##### EXCERPTED RECORDS #####
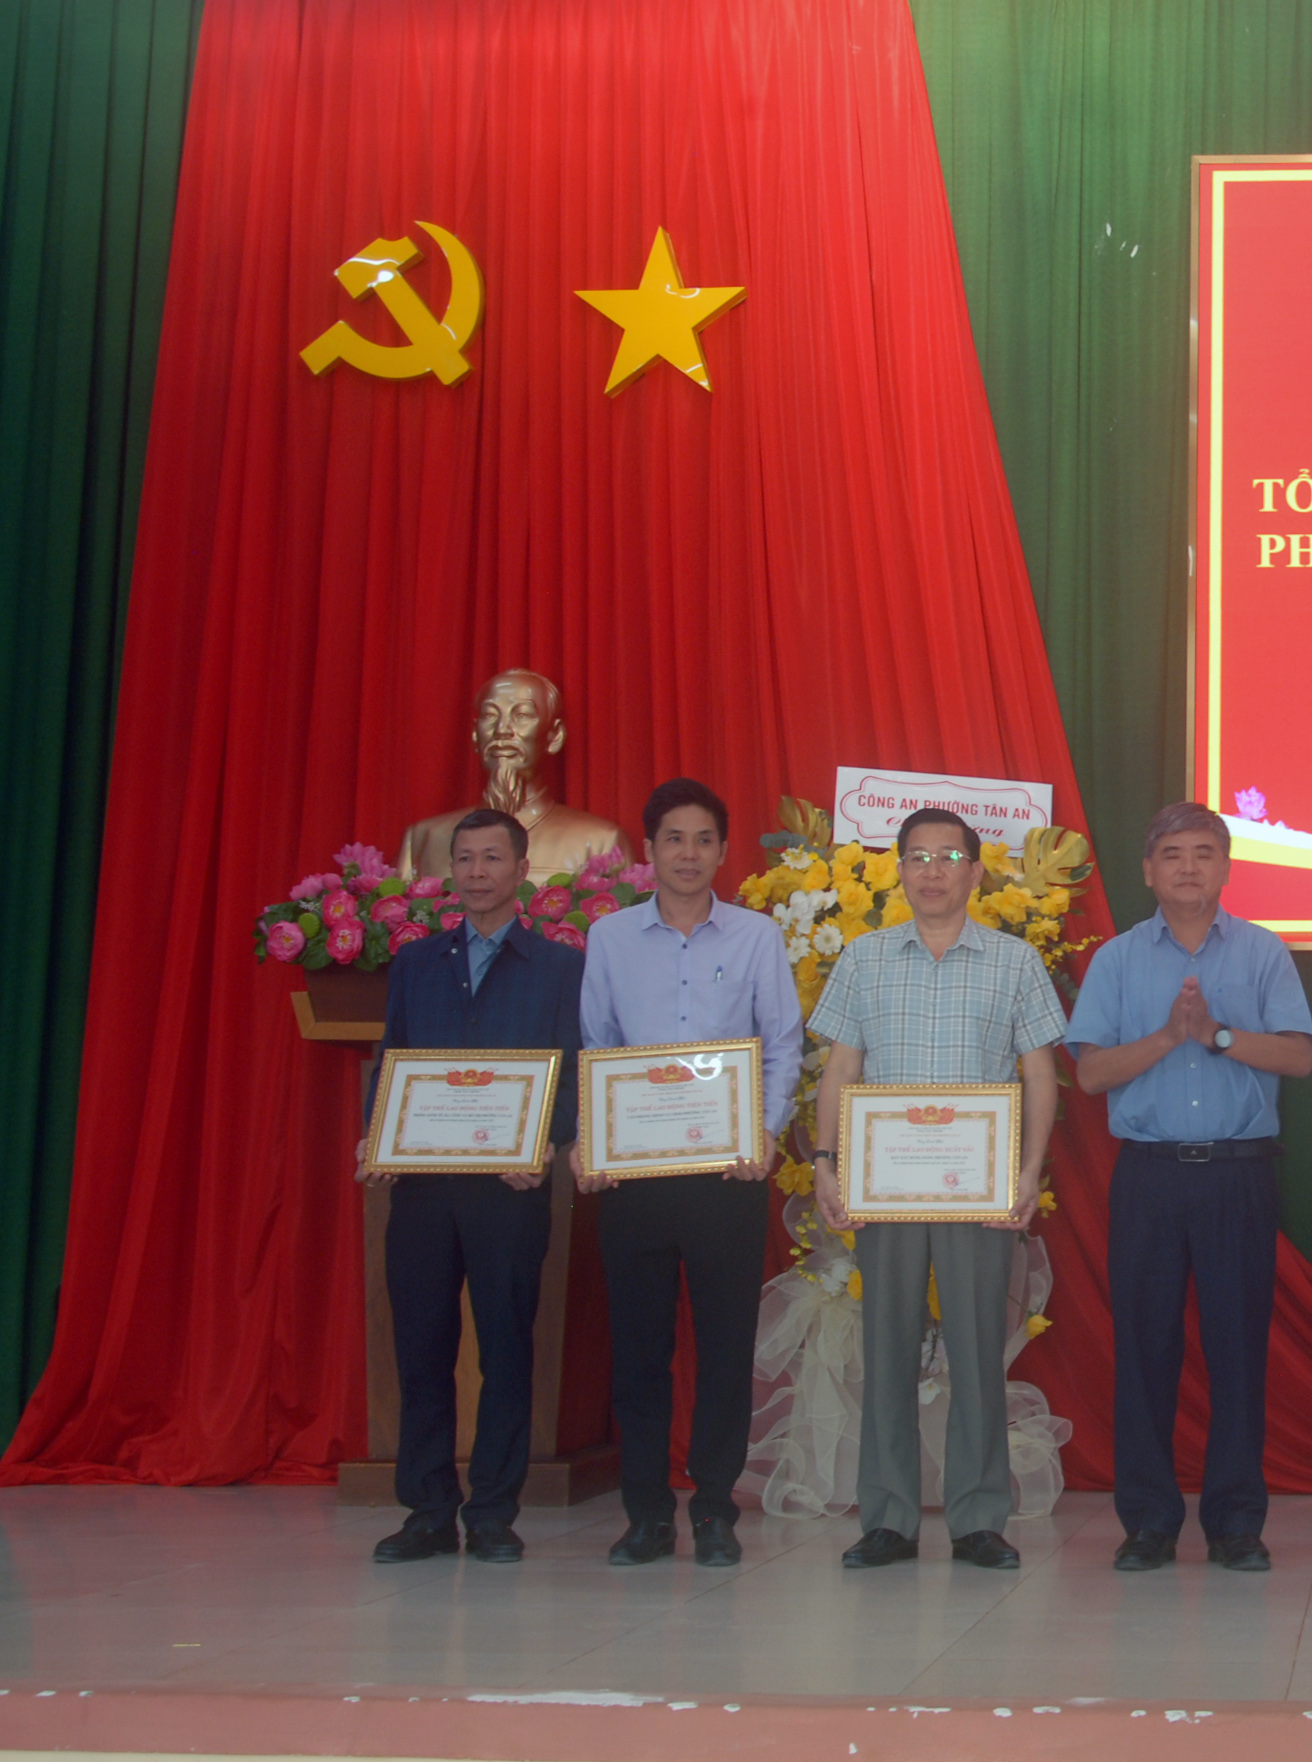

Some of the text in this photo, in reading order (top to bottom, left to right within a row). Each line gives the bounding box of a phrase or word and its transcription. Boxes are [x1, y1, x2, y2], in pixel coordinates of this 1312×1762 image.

[858, 793, 1031, 820] CÔNG AN PHƯỜNG TÂN AN
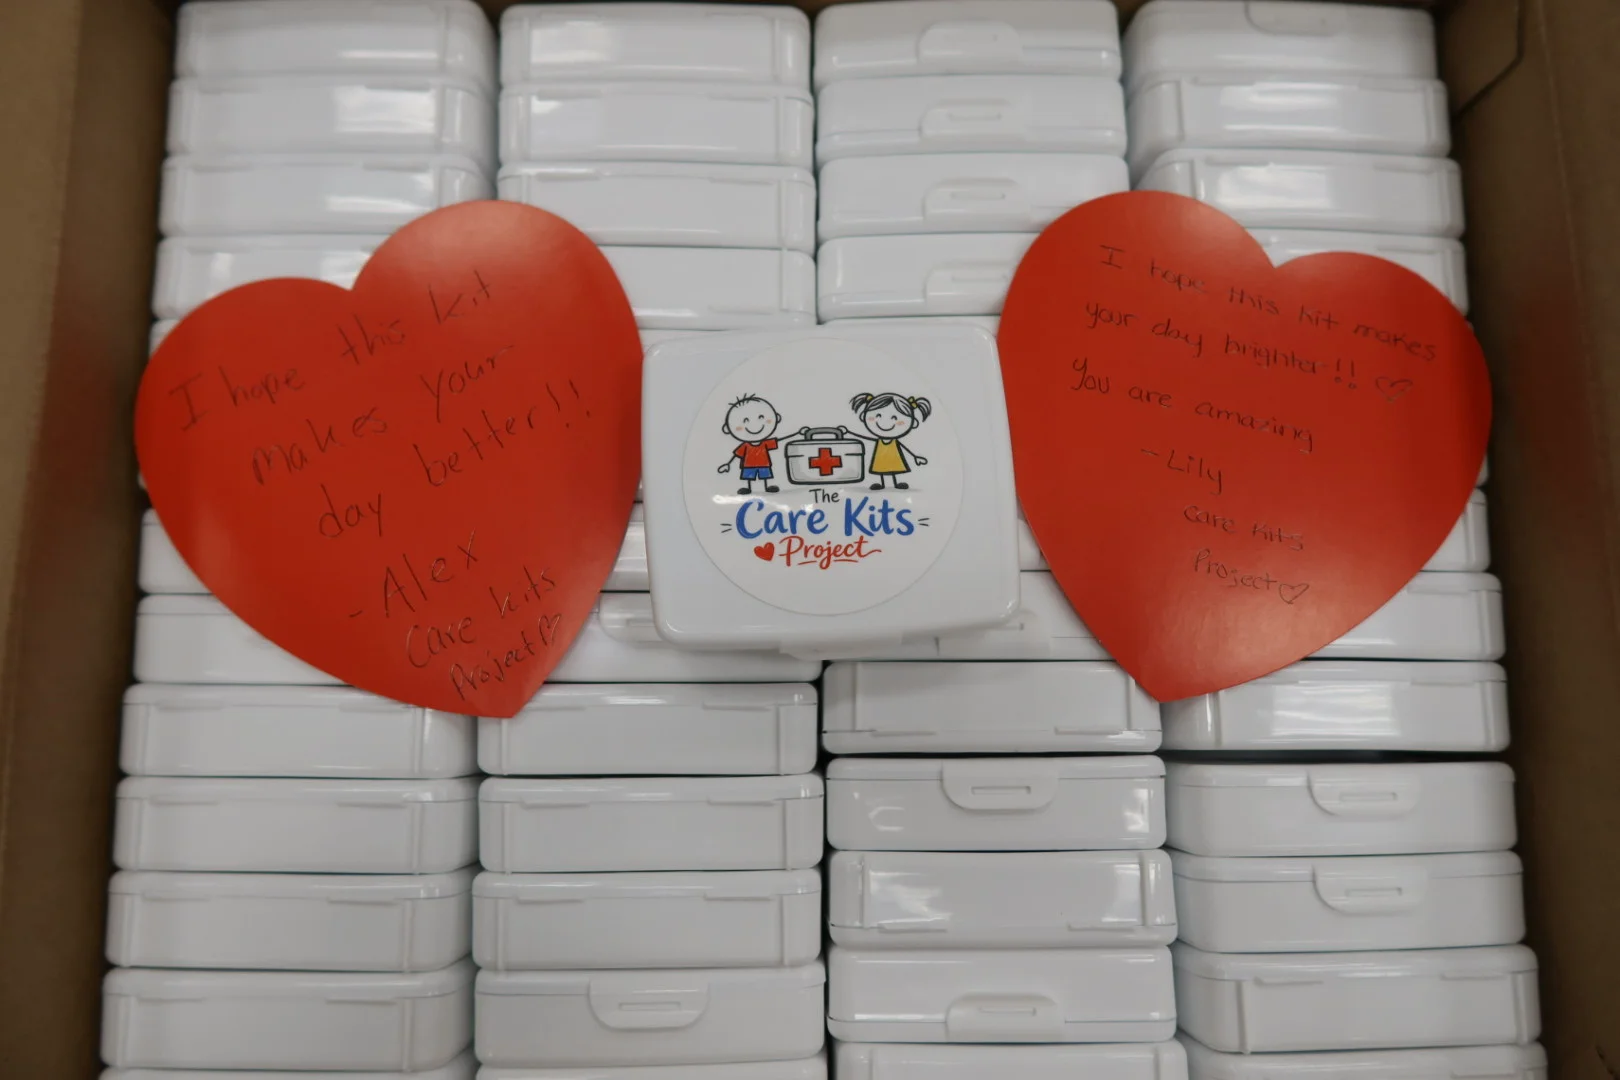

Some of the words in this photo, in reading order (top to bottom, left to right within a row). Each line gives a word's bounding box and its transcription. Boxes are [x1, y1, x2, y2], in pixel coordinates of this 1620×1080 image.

[1086, 302, 1138, 329] your
[1151, 318, 1203, 358] day
[1100, 244, 1124, 269] I
[1150, 259, 1205, 291] hope
[1228, 286, 1279, 315] this
[1353, 322, 1437, 361] makes
[169, 374, 209, 431] I
[219, 366, 306, 407] hope
[337, 314, 406, 365] this
[251, 407, 387, 485] makes
[1128, 383, 1172, 408] are
[1195, 401, 1313, 453] amazing
[319, 484, 382, 538] day
[412, 379, 592, 486] better!!
[736, 498, 829, 539] Care
[844, 496, 915, 537] Kits
[809, 488, 840, 504] The
[383, 528, 478, 618] Alex
[778, 535, 882, 570] Project
[1194, 548, 1277, 590] Project
#####
HOW TO COMPLETE THIS TASK:
Reproduce each line of the records exactly and exclude any images.

ANSWER AREA:
Some of the text in this photo, in reading order (top to bottom, left to right within a row). Each line gives the bounding box of a phrase or word and its transcription. Boxes are [x1, y1, x2, y2], in pixel coordinates of this 1312×1762 image.

[858, 793, 1031, 820] CÔNG AN PHƯỜNG TÂN AN

Some of the words in this photo, in reading order (top to bottom, left to right within a row). Each line gives a word's bounding box and its transcription. Boxes are [x1, y1, x2, y2], in pixel coordinates of this 1620×1080 image.

[1086, 302, 1138, 329] your
[1151, 318, 1203, 358] day
[1100, 244, 1124, 269] I
[1150, 259, 1205, 291] hope
[1228, 286, 1279, 315] this
[1353, 322, 1437, 361] makes
[169, 374, 209, 431] I
[219, 366, 306, 407] hope
[337, 314, 406, 365] this
[251, 407, 387, 485] makes
[1128, 383, 1172, 408] are
[1195, 401, 1313, 453] amazing
[319, 484, 382, 538] day
[412, 379, 592, 486] better!!
[736, 498, 829, 539] Care
[844, 496, 915, 537] Kits
[809, 488, 840, 504] The
[383, 528, 478, 618] Alex
[778, 535, 882, 570] Project
[1194, 548, 1277, 590] Project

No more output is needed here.